4.2. Predicting DNA Enhancers
- DNA sequences used for training data in the input layer were evaluated.
- In the second layer, 128-unit BiLSTM was used, and the activation function was determined as SeLU.
- Dropout was done and 15% of the data was discarded.
- Then the 64-unit BiLSTM was used and the activation function SeLU was chosen.
- Again, dropout was selected and 20% of the data was forgotten.
- Batch normalization was applied, and the data were reduced to 1—dimensional with the flattening process.
- Two different fully connected layers were employed. Their number of neurons was determined as 256 and 128.
- In the last layer, the Softmax activation function was used, and the data were classified.
- Categorical-cross entropy was used for the loss of the model and the model was optimized with the Adam optimization algorithm.
- The training process was carried out with 500 epochs.
- Seventy-five percent of the data was used for training, 15% for validation, and 15% for testing.
4.3. Discussion
- Studies with genomic sequences vary greatly according to the numerical methods used. Although the deep learning method used in this study was the same, the results were different from each other. The lack of a standard method and the fact that the results vary according to the encoding methods cause the studies in this field to be limited and to be interpreted as unhealthy.
- Furthermore, mouse and human DNA enhancers are currently scarce. The increase in this number over time may affect the results obtained in this study positively or negatively, and accordingly may cause the results to change. A new analysis with an increase in the number of data will be more effective in evaluating the performance of both the proposed method and other methods.
- It is important to use the proposed method in other DNA analysis studies and to interpret the results to be obtained there. In this way, the performance of the proposed method can be demonstrated in detail.
- In addition, only BiLSTM deep learning model was used in this study. There are many deep learning methods. These DNA encoding schemes need to be analyzed with other deep learning algorithms and the results should be interpreted. In this way, more effective results can be obtained.

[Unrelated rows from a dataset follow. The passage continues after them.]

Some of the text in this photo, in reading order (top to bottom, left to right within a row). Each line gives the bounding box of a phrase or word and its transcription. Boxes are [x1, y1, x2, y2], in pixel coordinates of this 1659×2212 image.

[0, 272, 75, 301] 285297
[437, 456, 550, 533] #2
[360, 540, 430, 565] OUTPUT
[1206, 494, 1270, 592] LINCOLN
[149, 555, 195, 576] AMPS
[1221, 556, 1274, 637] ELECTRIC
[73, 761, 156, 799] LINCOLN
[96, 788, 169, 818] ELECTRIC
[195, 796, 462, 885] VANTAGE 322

- No feature extraction was performed in the study. The use of different signal processing methods (DWT (discrete wavelet transform), FFT, EMD (empirical mode decomposition), VMD (variational mode decomposition), etc.) can be instrumental in obtaining more effective features and observing more successful results.
- Furthermore, optimization algorithms were not used in the study. Performing the optimization process can improve results and increase the performance of DNA encoding schemes.

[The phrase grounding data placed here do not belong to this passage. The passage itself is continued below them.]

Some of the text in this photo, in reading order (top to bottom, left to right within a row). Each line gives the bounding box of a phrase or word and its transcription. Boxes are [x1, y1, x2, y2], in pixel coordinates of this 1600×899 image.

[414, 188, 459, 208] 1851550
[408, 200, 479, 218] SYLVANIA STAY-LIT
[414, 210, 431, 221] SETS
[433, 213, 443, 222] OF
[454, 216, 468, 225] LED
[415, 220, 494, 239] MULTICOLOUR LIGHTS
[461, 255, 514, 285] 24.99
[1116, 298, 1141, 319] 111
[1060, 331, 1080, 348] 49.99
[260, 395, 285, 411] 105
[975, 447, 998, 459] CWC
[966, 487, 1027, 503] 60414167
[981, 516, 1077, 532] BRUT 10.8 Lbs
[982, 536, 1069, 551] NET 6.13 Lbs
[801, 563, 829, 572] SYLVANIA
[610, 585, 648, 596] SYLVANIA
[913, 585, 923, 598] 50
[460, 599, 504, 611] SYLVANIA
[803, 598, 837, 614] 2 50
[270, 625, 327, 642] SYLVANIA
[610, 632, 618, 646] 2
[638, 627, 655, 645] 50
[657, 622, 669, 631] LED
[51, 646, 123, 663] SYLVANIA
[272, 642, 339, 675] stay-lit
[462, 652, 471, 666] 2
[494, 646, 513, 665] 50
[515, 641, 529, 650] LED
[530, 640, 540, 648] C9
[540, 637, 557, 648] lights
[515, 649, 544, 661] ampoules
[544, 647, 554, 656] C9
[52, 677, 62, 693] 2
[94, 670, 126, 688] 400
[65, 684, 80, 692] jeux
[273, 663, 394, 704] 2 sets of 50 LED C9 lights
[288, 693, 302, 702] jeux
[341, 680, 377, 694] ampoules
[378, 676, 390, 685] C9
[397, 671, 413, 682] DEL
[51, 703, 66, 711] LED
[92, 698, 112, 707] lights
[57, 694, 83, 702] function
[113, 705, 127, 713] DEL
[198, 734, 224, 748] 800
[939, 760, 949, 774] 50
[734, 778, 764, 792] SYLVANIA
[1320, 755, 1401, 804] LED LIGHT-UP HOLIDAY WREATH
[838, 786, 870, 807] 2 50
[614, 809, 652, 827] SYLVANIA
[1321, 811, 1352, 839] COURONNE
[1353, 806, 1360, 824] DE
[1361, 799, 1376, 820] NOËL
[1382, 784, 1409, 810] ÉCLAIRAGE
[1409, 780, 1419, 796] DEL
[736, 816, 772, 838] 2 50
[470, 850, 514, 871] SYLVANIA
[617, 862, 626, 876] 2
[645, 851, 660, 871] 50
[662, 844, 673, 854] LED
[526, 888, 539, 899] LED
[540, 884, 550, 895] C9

- As seen in the ROC curve in Figure 8, the data set contains insufficient data. In this case, it may cause two different problems in the model: overfitting or underfitting. Obtaining, examining, and interpreting DNA sequences takes time and causes a difficult process. Therefore, the emergence of insufficient data is a common problem in bioinformatics studies [48,49]. There is such a problem in this study. Researchers need to consider this situation.
- In addition to the overfitting problem, approaches such as ensemble learning, transfer learning, and data duplication (synthetic data) are generally used for insufficient data. The insufficient data problem observed in this study can be addressed by using one or more of these approaches. Although each of these approaches has advantages and disadvantages, these approaches also need to be evaluated for further studies.
- In such cases, overfitting is generally observed. In the case of overfitting, the model memorizes patterns in the data. In order to avoid the overfitting problem, options such as reducing the network capacity, using regularization methods (L1 and L2), and placing dropout layers are generally used. For the second scenario in this study, although the network capacity was reduced and the dropout layer was used, this problem could not be avoided. The use of regularization methods or other approaches may prevent this problem.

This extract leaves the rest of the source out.